Some works have already implemented convolutional neural networks to predict saliency on 3D meshes [14,15,16], usually based on the features extracted by neural networks designed and used for classification problems. These works have been trained either on a weakly supervised manner, or on datasets either obtained from more low-level geometric properties, or where participants were asked to manually select the interesting regions of the meshes [39, 40], instead of using real gaze information. Indeed, some of these meshes have also been used in other works [17, 18, 41] to study human viewing behavior when looking at different meshes under different conditions (e.g., material, point of view, room lighting). In our work, we aim to model real viewing behaviors, and thus we conduct an eye-tracking guided experiment to capture a dataset of real viewing behavior on 3D meshes to train our model.

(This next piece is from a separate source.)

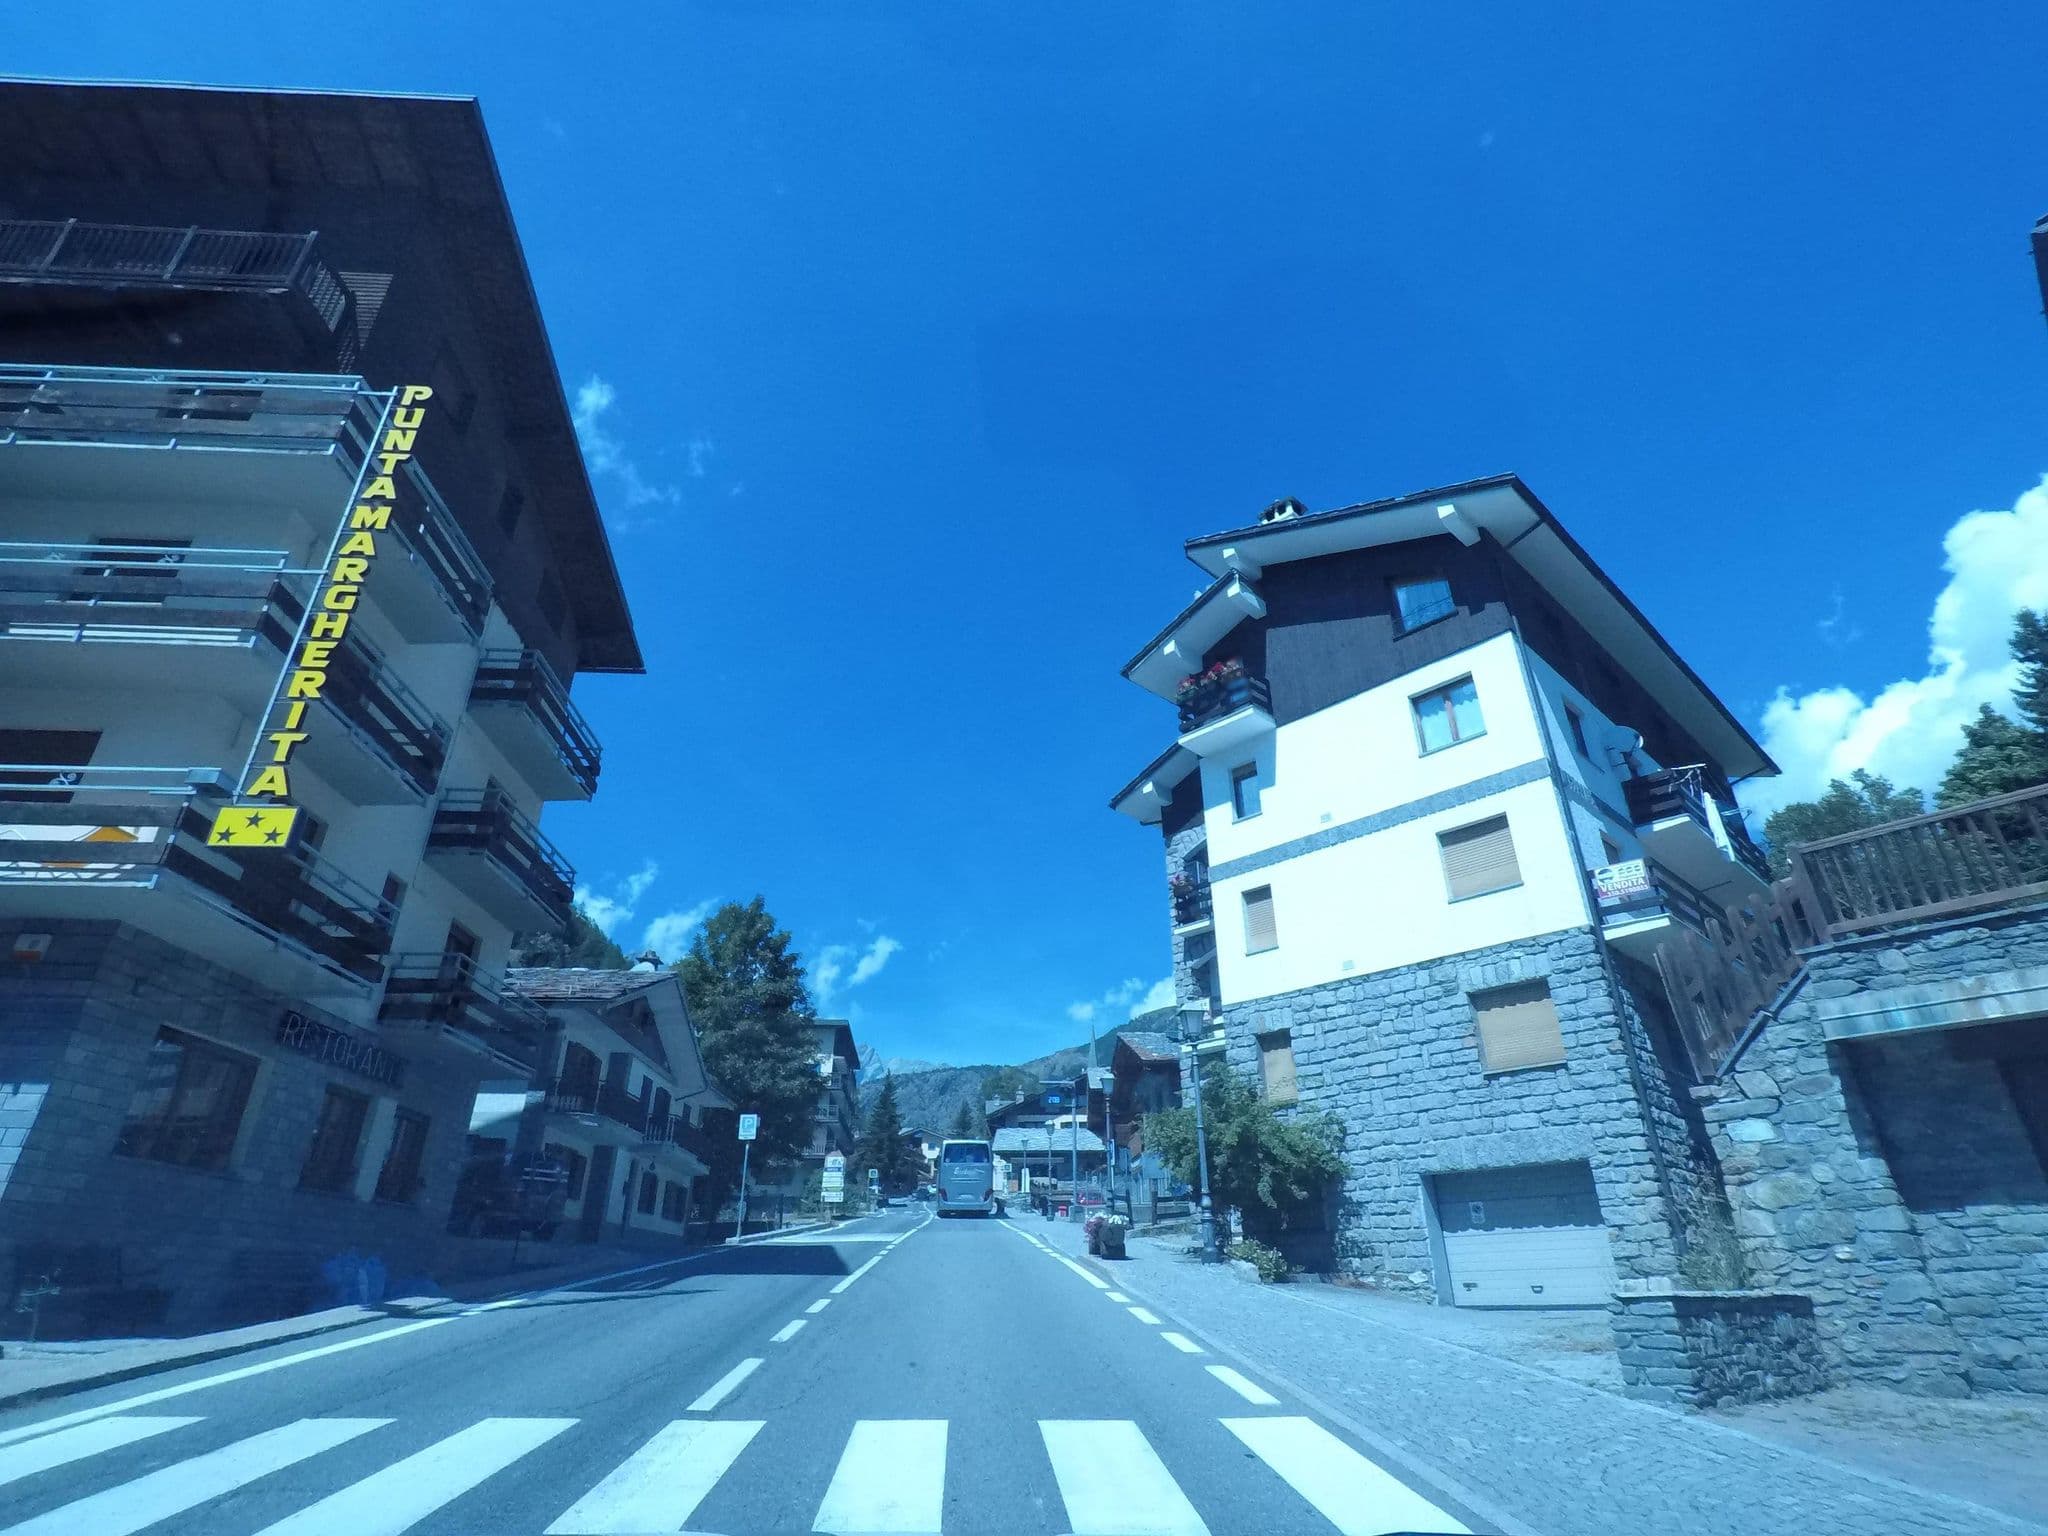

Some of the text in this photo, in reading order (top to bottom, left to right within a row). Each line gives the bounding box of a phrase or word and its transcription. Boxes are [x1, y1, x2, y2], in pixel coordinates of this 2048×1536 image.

3 A dataset of viewing behavior in 3D shapes

We aim at understanding viewing behavior in 3D shapes. Previous approaches have either gathered gaze data from 2D pictures depicting different perspectives of 3D models [18], or have used real, physical objects in rather constrained conditions [17]. Virtual reality poses itself as a better suited alternative, since it provides more natural interactions (e.g., stereo viewing and motion parallax) and simpler tools for designing and presenting 3D stimuli to viewers, allows for easier manipulations (e.g., rotating or moving) of such stimuli, and eases capturing attentional behaviors. Thus, we have resorted to VR to develop an experiment to collect head and gaze data from multiple viewers observing a larger set of 3D shapes than previous approaches.

Fig. 2
figure 2

Subset of the 3D meshes used during our experiment. We have collected several meshes from different open-source datasets (see Sect. 3.1), and have conducted a large experiment to gather gaze and head data from 32 different participants viewing those meshes

3.1 Stimuli

We have gathered a total of 58 different 3D meshes from different public databases (Aim@ShapeFootnote 1, TOSCAFootnote 2, SHREC 2007Footnote 3, Georgia Tech Models ArchiveFootnote 4, FREE3DFootnote 5, TurboSquidFootnote 6, CGTraderFootnote 7). They depict humans, animals and creatures, familiar objects, or mechanical parts, among others (see Fig. 2), and are all textureless. Once gathered, we have processed all of them to have the same size and orientation, following the work from Qi et al. [19]. In particular, we have centered and normalized all meshes to occupy a 2-by-2 meter cube. When presented to the participants, all shapes were uniformly colored in a neutral gray color with a light blue background, and with two identical light sources located above the users and slightly to the left and right, respectively [18].

Fig. 3
figure 3

Overview of our experimental setup. Each participant viewed each of the meshes for 22 s, while the mesh was rotating 360 degrees to ensure all parts of the mesh were actually disclosed. Each of such visualizations was transformed into a gaze map. Color encodes vertex-wise gaze time

3.2 Participants

A total of 32 participants took part in the experiment. Twenty-three of them identified as male, nine of them identified as female, and none of them identified as non-binary, not listed, or preferring not to disclose their gender, aged between 21 and 56. They voluntarily took part in the study and provided written consent. The participants were naïve to the final purpose of the experiment, and had normal or corrected-to-normal vision. Thirteen participants reported playing video games regularly, and 22 had used a virtual reality headset before. Our data collection procedure was approved by our local Ethics and Research Committee.

Fig. 4
figure 4

Our computed gaze maps (first and third row) are generally sparse, as in traditional media [29]. Therefore, and inspired by previous works, we apply a distance-based mean filter. Second and fourth row shows the result of applying this technique to their sparse counterpart. See Sect. 3.5 for additional details

3.3 Hardware

Our stimuli were presented on an HTC Vive Pro head-mounted display with a nominal field of view of \(110^{\circ }\), a resolution of 1440 \(\times \) 1600 pixels per eye (2880 \(\times \) 1600 pixels combined), and a frame rate of 90 frames per second. We installed in our headset a Pupil LabsFootnote 8 eye tracker to gather gaze information throughout the experiment. Our experimental setup contained two HTC Vive stations to additionally track participants’ head position during the experiment. Our whole procedure was designed using Unity.

3.4 Procedure

We divided our experiment in two different sessions. In the first session, participants were introduced the experiment, gave written consent, and filled a demographic and a pre-experiment sickness questionnaire. Then, they seated on a non-rotating chair, properly adjusted the HMD, and conducted an eye-tracking calibration process. When the calibration was completed successfully, the main experiment began.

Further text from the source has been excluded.